Some background on this, gleaned from Chuck Norris vs Communism, which I highly recommend:

Irina Nistor voiced over more than three thousand foreign films in Romania under Communism, helping make them much more accessible to all Romanians. She accomplished this stunning amount of work because she rarely if ever watched the movies first, and just voiced over the films during her first/only viewing – so the entire process of creating a dubbed master copy of the film, from beginning to end, took her less than two hours!

So it’s a single-voice voiceover, but it’s also distinct in the occasional delay in the voiceover, as she translates the film in realtime (no script). I can’t say the end result has a lot of listening value to those who don’t know Romanian, but it is one of the more historically important dubs we have. And it’s in very good shape.

Post
#1376454
Topic
International Audio (including Voice-Over Translations)
Time

FWIW, I’ve got a few new dubs I’m working with:

  • Cantonese: it’s an SE dub, so it needs to be despecialized. Contrary to my experience with other Hong Kong dubbing of 70’s and 80’s films, this dub is very well executed. I’m actually a little disappointed it’s so well done, but I’m sure I’ll survive. I’m hoping if we release preservations with this dub, we may attract the attention of people with access to the Mandarin dub, which is something I haven’t yet been able to track down. I’ve synced Star Wars, and the other two films are pending.

  • Turkish: I previously had Turkish despecialized dubs, with the Empire dub incomplete. But I now have VHSrips of made-for-TV 1993 dubs. Star Wars and Jedi are in good shape (for VHSrips), but Empire is pretty bad. I’ll likely swap out the Turkish dubs in my collection for these, in part at least. The sound quality isn’t as good, but they’re authentic pre-SE Star Wars. I may stick with the despecialized Empire, and use the VHSrip to fill in the missing dialogue, which will be a little weird having Vader switch voices, but not as weird as it is right now with Vader switching voices and languages.

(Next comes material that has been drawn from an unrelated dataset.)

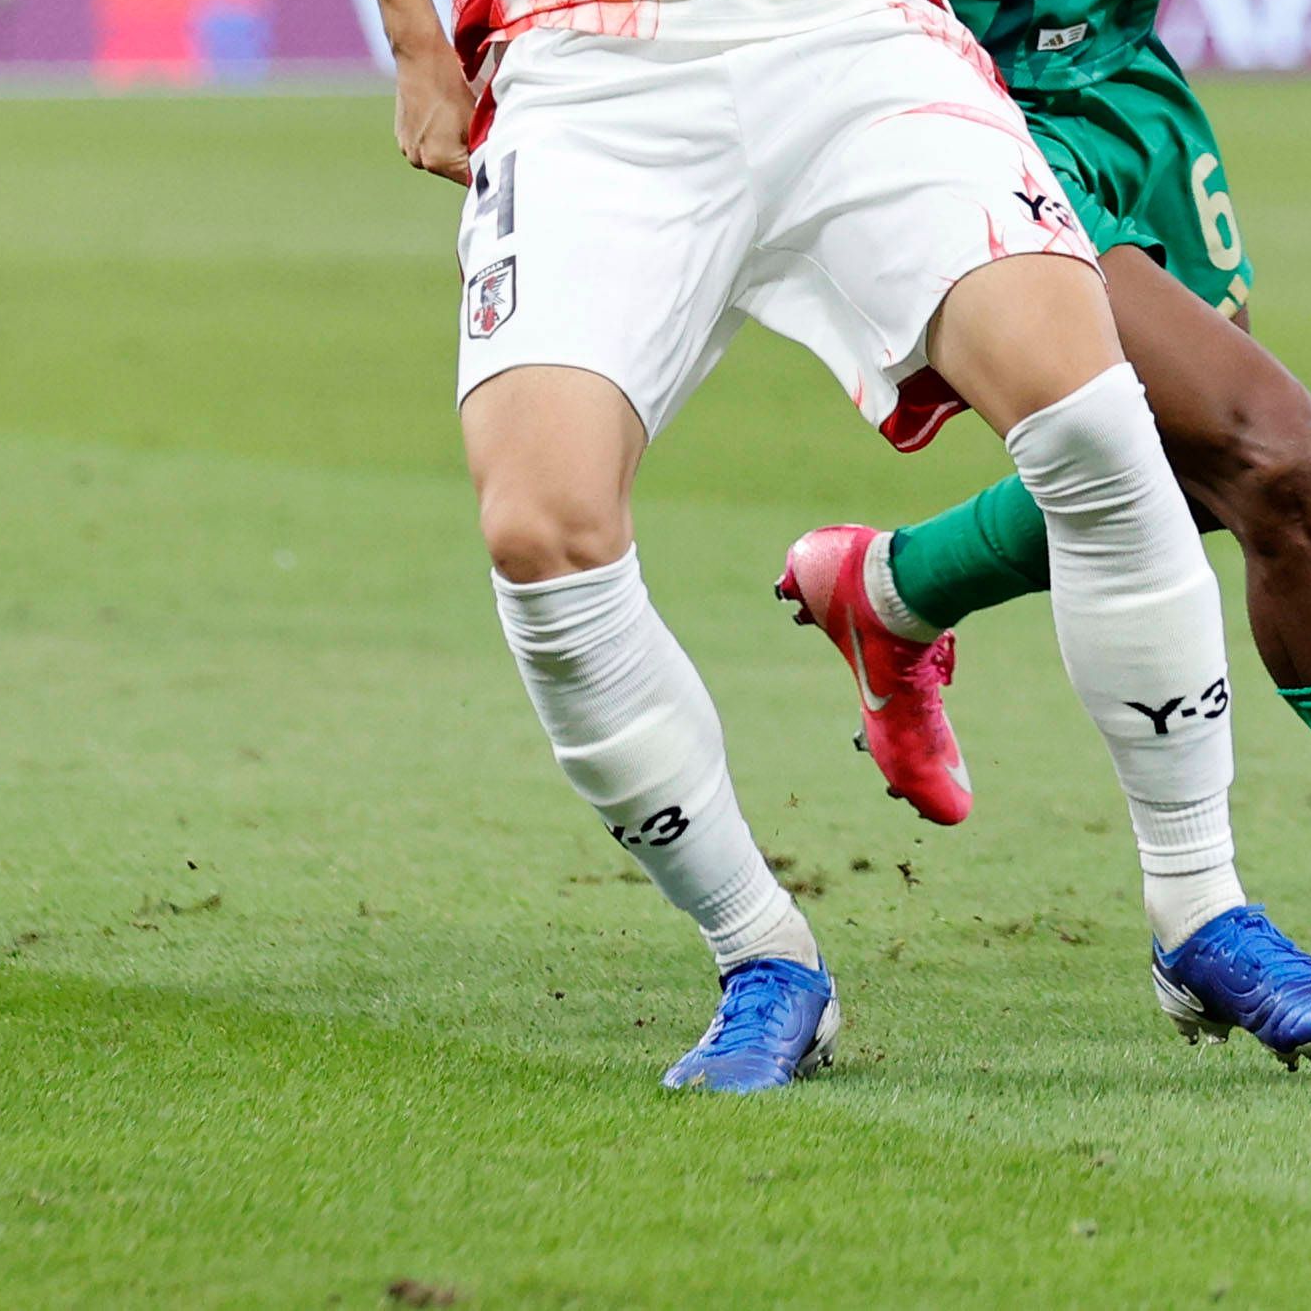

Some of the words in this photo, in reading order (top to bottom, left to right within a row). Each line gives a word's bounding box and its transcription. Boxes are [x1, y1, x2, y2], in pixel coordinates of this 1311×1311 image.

[474, 149, 517, 241] 4
[1012, 191, 1078, 232] Y-3
[1191, 152, 1242, 271] 6
[1122, 677, 1228, 735] Y-3

Again, Star Wars is synced, and the others are pending (I may not be able to do much with Empire)

  • Romanian: Anyone here ever see Chuck Norris vs Communism? If not, it’s highly recommended. If so, you’ll recognize the name Irina Nistor. I have a Nistor bootleg voiceover of Star Wars (sadly, not the entire trilogy). Nothing synced yet, but I’m excited about this one and won’t let it slide.

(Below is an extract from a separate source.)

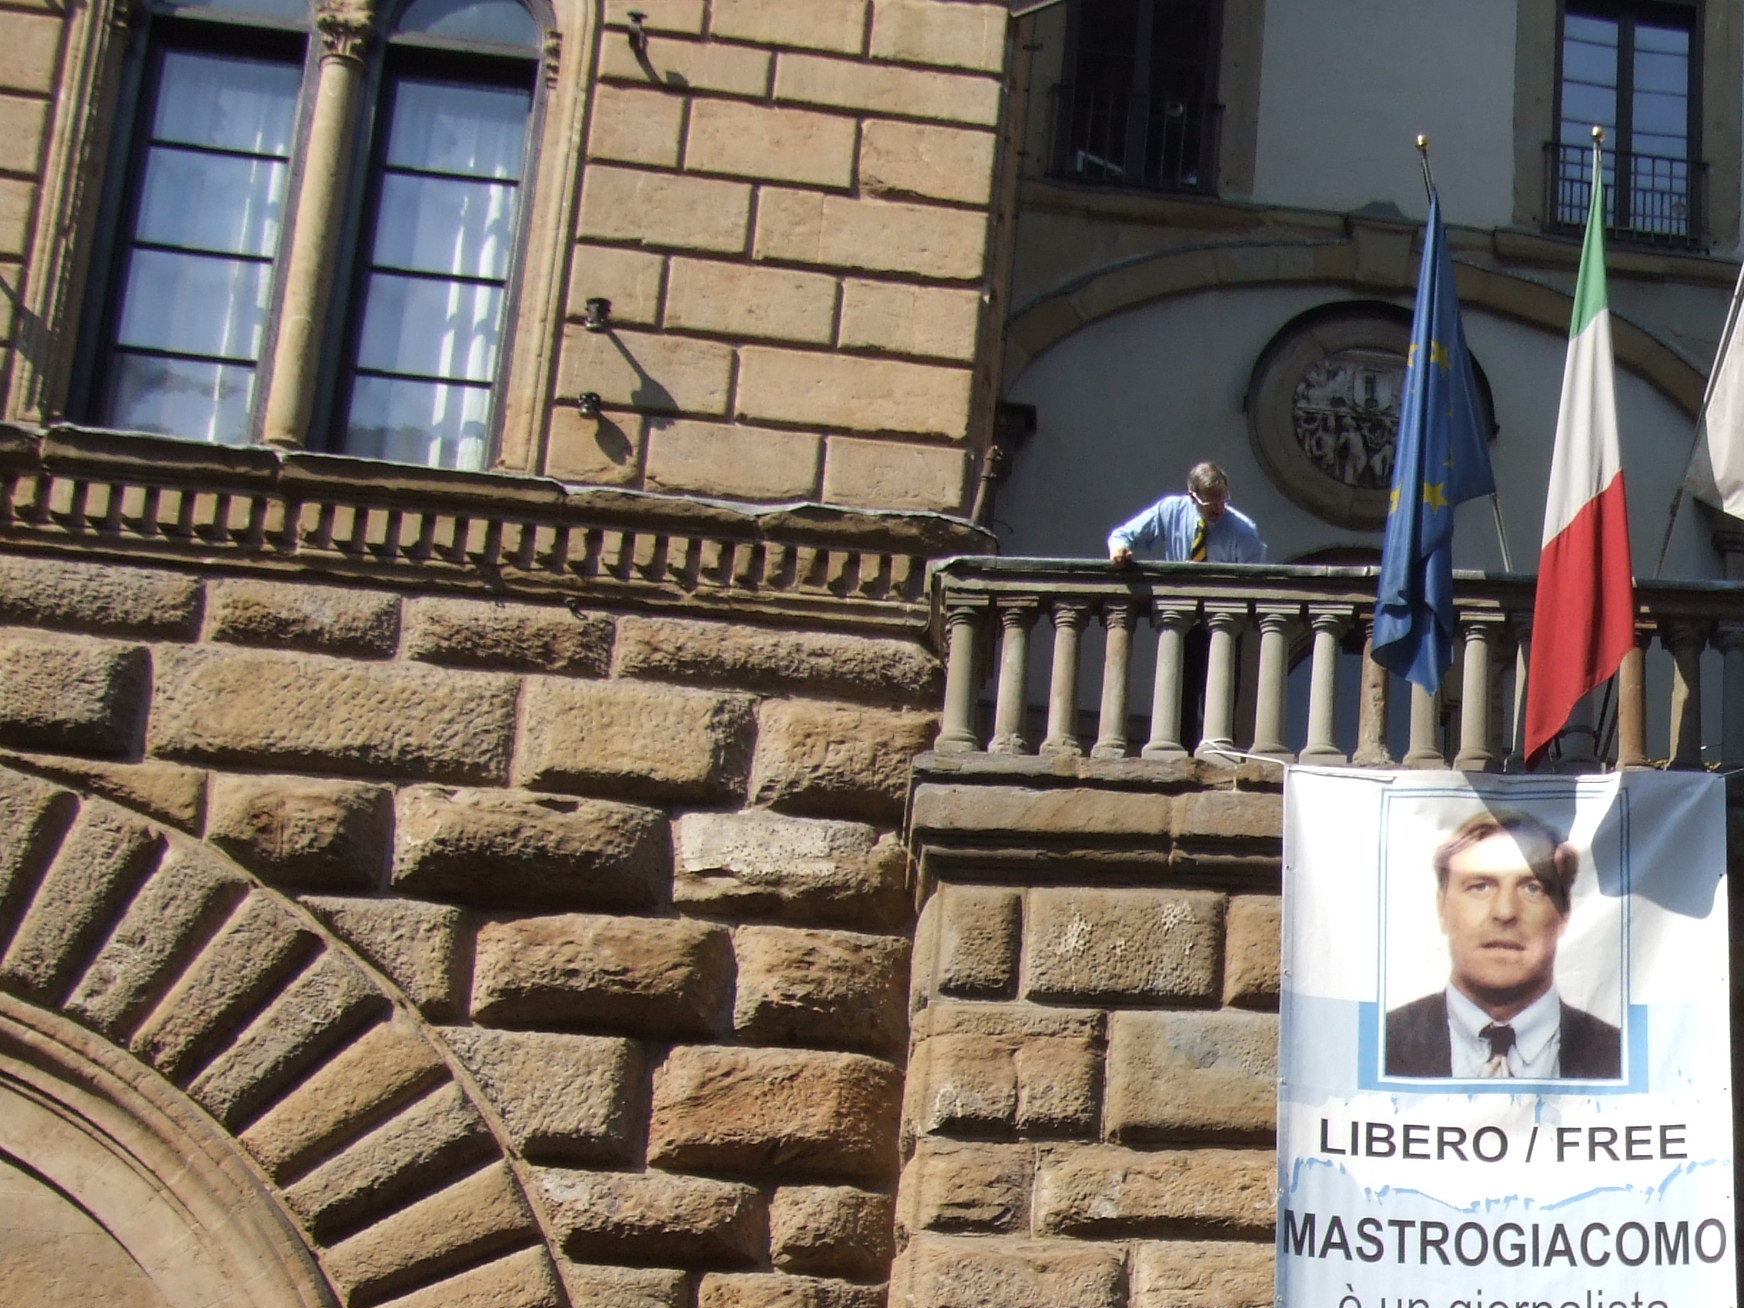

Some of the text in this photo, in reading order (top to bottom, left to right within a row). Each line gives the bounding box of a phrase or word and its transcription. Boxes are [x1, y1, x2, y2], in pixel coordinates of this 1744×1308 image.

[1318, 1117, 1689, 1163] LIBERO / FREE
[1283, 1208, 1728, 1268] MASTROGIACOMO

I also have the 1980 theatrical Turkish dub of Star Wars, and I believe the word for this dub is “crazypants”. It steals the title of “Weirdest Dub” from the Tamil dub. Sorry, guys, dubbed Ewoks and rampant heavy breathing just isn’t weird enough. The background is that, like the Soviet-style voiceovers, the Turkish dubbers didn’t get a soundtrack without English voices. But what they chose to do instead of a voiceover was to replace the English dialogue (er, mostly) with Turkish dialogue and random background music and noises. Did you know Leia’s hologram played light jazz? Did you know the Cantina band did a ragtime piano number? No, I bet you did not know these things. But mostly they just use Star Wars theme music over and over (and over and over), but they’ve also got some generic sci-fi synth music in there as well. I can’t say I recommend it for everyone, but it’s certainly awesome in its own way – the voice acting is also very good, and I’ve been told the translation is very good as well.

Post
#1373868
Topic
Preservation of Localized Texts in the Star Wars (1-6) Saga
Time

schorman13 said:

There are many localized crawls available on the Different Blu Ray versions of the first six films, from 2011.

I’m assuming none of these included “theatrical style” subtitles for Greedo/Jabba, correct? i.e. it’s all just a disc subtitle track with some default unstyled font. AFAIK, the only languages that ever would have gotten Greedo subs on the film print were French, German, Italian, Spanish, and Japanese, and I only have seen a couple of these myself. But I suppose the 97SE also had a theatrical run, so it’s possible there were others, if shown theatrically with a dub that didn’t voice over Greedo/Jabba.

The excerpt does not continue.